Лаптев подарил Егору свою книжку — «Цветы добра», которую Егор давал мне читать. Там красным карандашом Егор подчеркнул одно место. Вот оно: «Маленький русский город — это хранилище всего живого и ценного, что осталось в русском народе, несмотря на десятилетия измывательств над его здравым смыслом и старательного вытравливания корней русского бытия. Русская духовность цветёт именно здесь. Дело не в “неспешном образе жизни”, который поражает после шумной суеты столиц, а в особенном — “человеческом” т.е. культурном, а не “цивилизованном” — отношении к человеку. Здесь дышится по-другому. Здесь другой воздух.»
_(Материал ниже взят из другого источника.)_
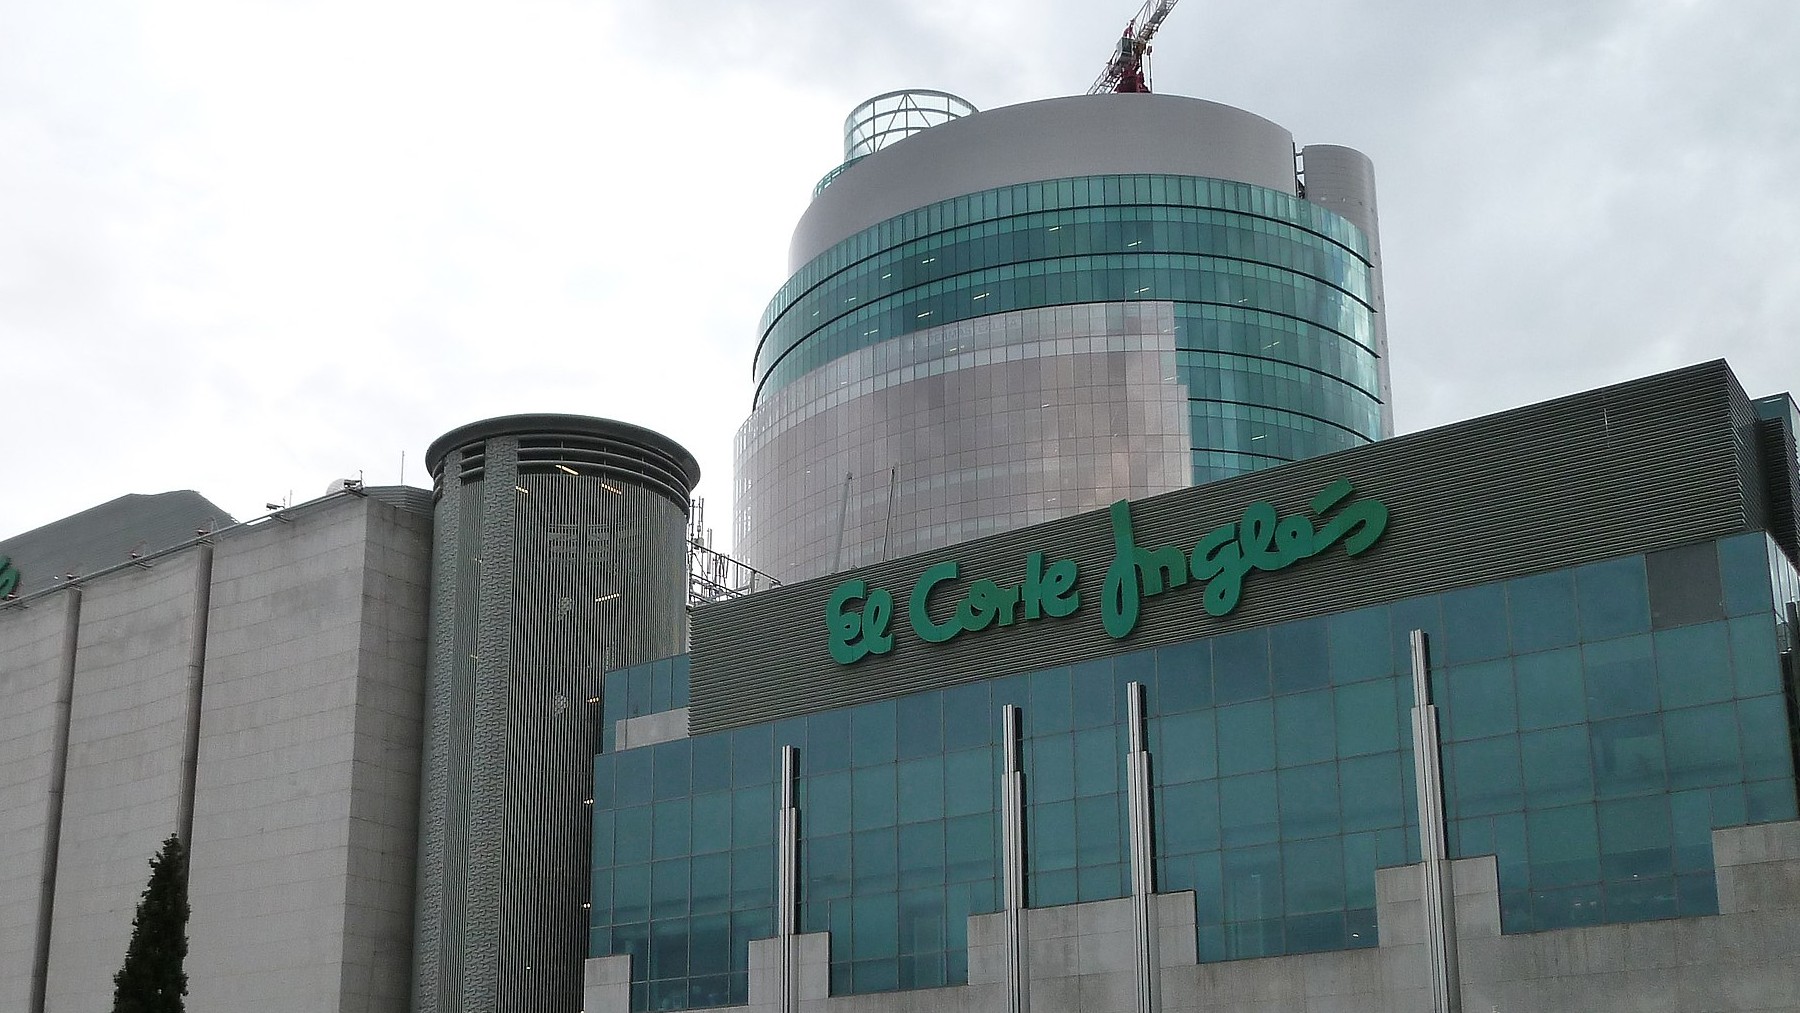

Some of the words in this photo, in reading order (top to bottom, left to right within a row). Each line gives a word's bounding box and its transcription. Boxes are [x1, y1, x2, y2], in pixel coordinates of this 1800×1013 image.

Около этого места на полях книжки красовалась звёздочка, как у примечания. На последней, чистой странице книги я нашёл написанное тем же красным карандашом: «Так ли? Иногда мне кажется, что более прав Брюсов, который писал, что русский уездный город — олицетворение всего нежеланного, неживого, немыслящего». И — через интервал, ниже: «Бог с ним, с Брюсовым — этот человек мегаполиса жил в другой России. Где ему понять!..» А ещё ниже, ещё через интервал: «Spengler: “Кровь предков течет по цепи потомков, объединяя всех их великой взаимозависимостью судьбы, такта и времени”. Что ж, Шпенглер не дурак. Ухватил сокровенное. Вот о чём надо думать. Буду писать об этом.»

И я несколько раз замечал на столе Егора какую-то рукопись, которую он при моём появлении стеснительно убирал с глаз долой.

 

Эх!..

 

Высокие небеса, а под ними — леса, а за лесами — ещё леса, и влажные низины, и светлые безлесые холмы, и снова леса, и холмы, и низины, и серебряные озёра с топкими берегами под осокой и камышом, и прозрачные ручьи в густых травах, и голубые поля льняные, и бескрайнее золото взрастающих хлебов...

 

Примечания

[1] Я хорошо знаю, что означает в России «сердечный приступ».  Ваш Руслан всю ночь водку лакал в баре. Он пьян! Будьте любезны, майн герр, переведите Зое, что я Руслана увольняю. Мне надоело. С меня хватит (нем).

 

     [2] Это ещё кто?! (нем).

     [3] Муж?! Ради Бога, что это всё, наконец, значит?!(нем).

[4] Arschloch — досл. Дырка задницы (нем.) — самое страшное оскорбление у немцев.